In [None]:
# Install required packages
!pip install -q google-genai pandas openpyxl ipywidgets

# Import necessary libraries
import os
import time
import logging
import shutil
import re
from pathlib import Path
from google.colab import files
import ipywidgets as widgets
from IPython.display import display, HTML, clear_output
from google import genai
from google.genai import types
import pandas as pd

# ============================================
# CREATE FOLDER STRUCTURE
# ============================================

# Define folder paths
FOLDERS = {
    'txt_input': 'txt_input',
    'excel_input': 'excel_input',
    'results': 'results',
    'prompts': 'prompts',
    'log': 'logs'
}

# Create all folders
for folder_name, folder_path in FOLDERS.items():
    os.makedirs(folder_path, exist_ok=True)

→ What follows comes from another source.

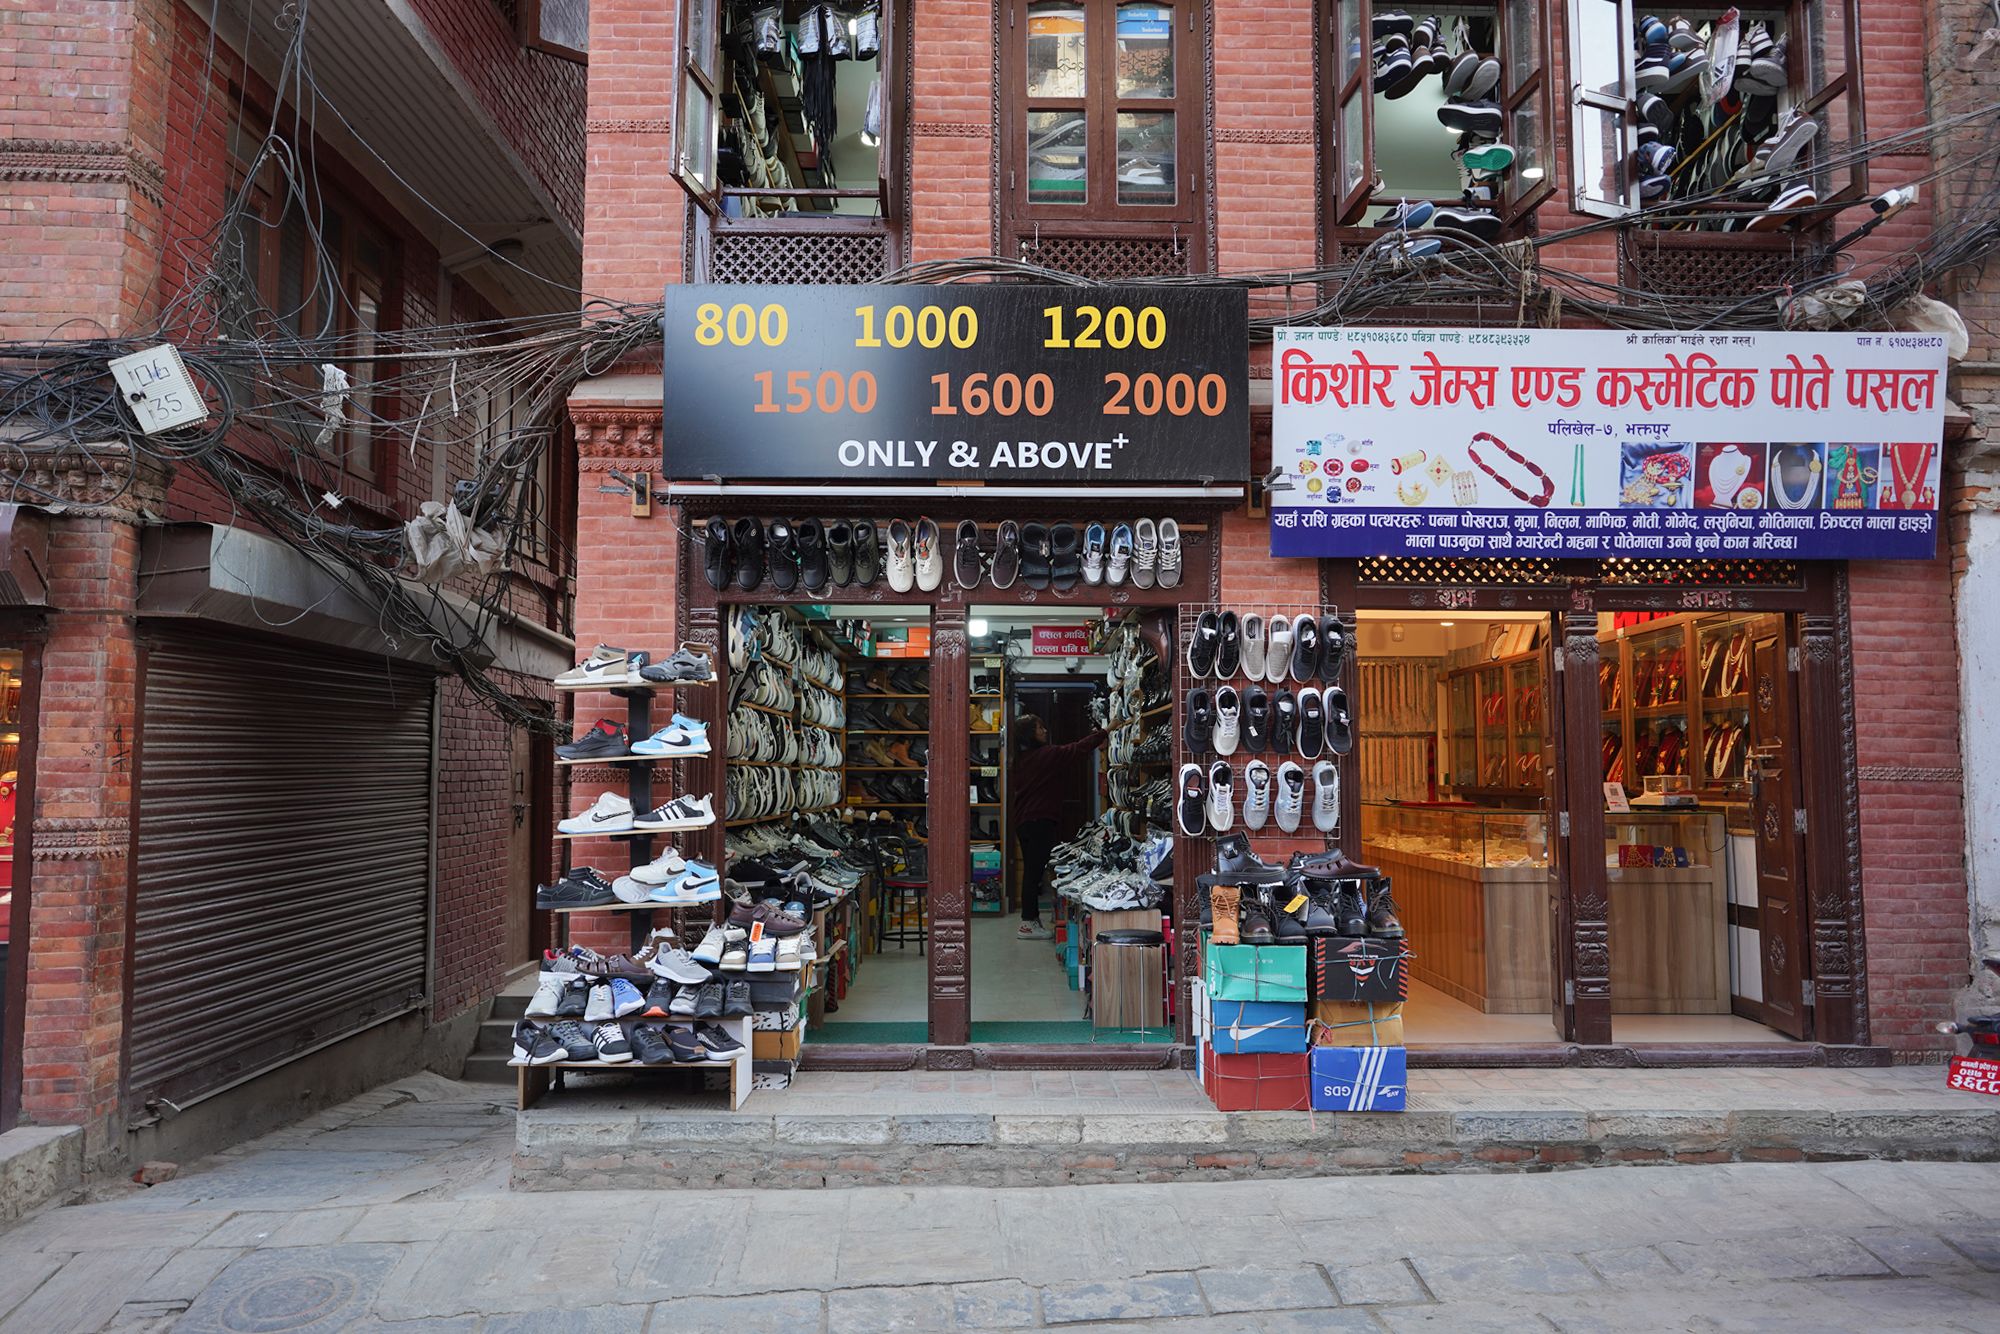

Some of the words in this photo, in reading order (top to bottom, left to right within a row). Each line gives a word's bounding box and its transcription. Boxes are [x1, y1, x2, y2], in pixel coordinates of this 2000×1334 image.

# ============================================
# CREATE PROMPT FILES
# ============================================

PROMPT_CONTENT = {
    "summary_prompt.md": """# Summary and Keywords Generation Prompt

Generate a concise summary of the following text in a few sentences, followed by a list of relevant keywords. The summary should allow users to quickly understand the main content.

## Instructions:
- Summary: A few concise sentences clearly identifying the main content
- Keywords: 5-10 relevant keywords or key phrases that capture the main topics and themes
- No introduction or additional commentary
- No markdown formatting in the output

## Response Format:
First provide the summary, then on a new line add "Keywords:" followed by the comma-separated keywords.

Example format:
[Your summary text here in a few sentences]

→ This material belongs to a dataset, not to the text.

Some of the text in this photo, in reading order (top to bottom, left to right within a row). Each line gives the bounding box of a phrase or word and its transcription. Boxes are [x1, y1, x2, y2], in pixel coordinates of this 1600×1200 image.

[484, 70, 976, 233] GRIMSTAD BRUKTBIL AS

Keywords: keyword1, keyword2, keyword3, keyword4, keyword5

---

**Text:**
{text}
"""
}

# Write prompt files to disk
for filename, content in PROMPT_CONTENT.items():
    filepath = os.path.join(FOLDERS['prompts'], filename)
    with open(filepath, 'w', encoding='utf-8') as f:
        f.write(content)

print("‚úÖ Setup complete!")
print()
print("üìÅ Folder structure created:")
print("   ‚îú‚îÄ‚îÄ üìÇ txt_input/        ‚Üê Upload .txt files here")
print("   ‚îú‚îÄ‚îÄ üìÇ excel_input/      ‚Üê Upload .xlsx files here")
print("   ‚îú‚îÄ‚îÄ üìÇ results/          ‚Üê Output summaries saved here")
print("   ‚îú‚îÄ‚îÄ üìÇ prompts/          ‚Üê System prompts")
print("   ‚îÇ   ‚îî‚îÄ‚îÄ summary_prompt.md")
print("   ‚îî‚îÄ‚îÄ üìÇ logs/             ‚Üê Processing logs")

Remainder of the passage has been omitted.